Your objective: Every line of the data is to be transcribed as it stands.

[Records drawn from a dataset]
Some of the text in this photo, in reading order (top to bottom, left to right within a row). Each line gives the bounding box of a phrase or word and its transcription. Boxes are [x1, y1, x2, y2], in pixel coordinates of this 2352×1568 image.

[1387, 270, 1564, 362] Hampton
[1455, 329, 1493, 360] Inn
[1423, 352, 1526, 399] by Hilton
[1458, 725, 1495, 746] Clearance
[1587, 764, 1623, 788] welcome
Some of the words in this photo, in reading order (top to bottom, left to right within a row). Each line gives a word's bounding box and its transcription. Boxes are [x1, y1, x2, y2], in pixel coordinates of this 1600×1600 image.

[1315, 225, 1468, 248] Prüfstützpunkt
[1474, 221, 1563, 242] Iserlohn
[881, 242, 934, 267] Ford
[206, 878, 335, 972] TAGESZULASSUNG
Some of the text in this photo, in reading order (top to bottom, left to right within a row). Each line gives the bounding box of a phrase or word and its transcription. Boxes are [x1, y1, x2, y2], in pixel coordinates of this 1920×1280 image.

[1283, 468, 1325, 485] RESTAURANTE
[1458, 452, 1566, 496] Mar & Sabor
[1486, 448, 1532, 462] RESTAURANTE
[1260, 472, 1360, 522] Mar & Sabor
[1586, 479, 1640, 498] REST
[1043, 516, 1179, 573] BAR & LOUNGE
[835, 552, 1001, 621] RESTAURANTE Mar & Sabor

Reply to the exercise:
Some of the text in this photo, in reading order (top to bottom, left to right within a row). Each line gives the bounding box of a phrase or word and its transcription. Boxes are [x1, y1, x2, y2], in pixel coordinates of this 2352×1568 image.

[1387, 270, 1564, 362] Hampton
[1455, 329, 1493, 360] Inn
[1423, 352, 1526, 399] by Hilton
[1458, 725, 1495, 746] Clearance
[1587, 764, 1623, 788] welcome
Some of the words in this photo, in reading order (top to bottom, left to right within a row). Each line gives a word's bounding box and its transcription. Boxes are [x1, y1, x2, y2], in pixel coordinates of this 1600×1600 image.

[1315, 225, 1468, 248] Prüfstützpunkt
[1474, 221, 1563, 242] Iserlohn
[881, 242, 934, 267] Ford
[206, 878, 335, 972] TAGESZULASSUNG
Some of the text in this photo, in reading order (top to bottom, left to right within a row). Each line gives the bounding box of a phrase or word and its transcription. Boxes are [x1, y1, x2, y2], in pixel coordinates of this 1920×1280 image.

[1283, 468, 1325, 485] RESTAURANTE
[1458, 452, 1566, 496] Mar & Sabor
[1486, 448, 1532, 462] RESTAURANTE
[1260, 472, 1360, 522] Mar & Sabor
[1586, 479, 1640, 498] REST
[1043, 516, 1179, 573] BAR & LOUNGE
[835, 552, 1001, 621] RESTAURANTE Mar & Sabor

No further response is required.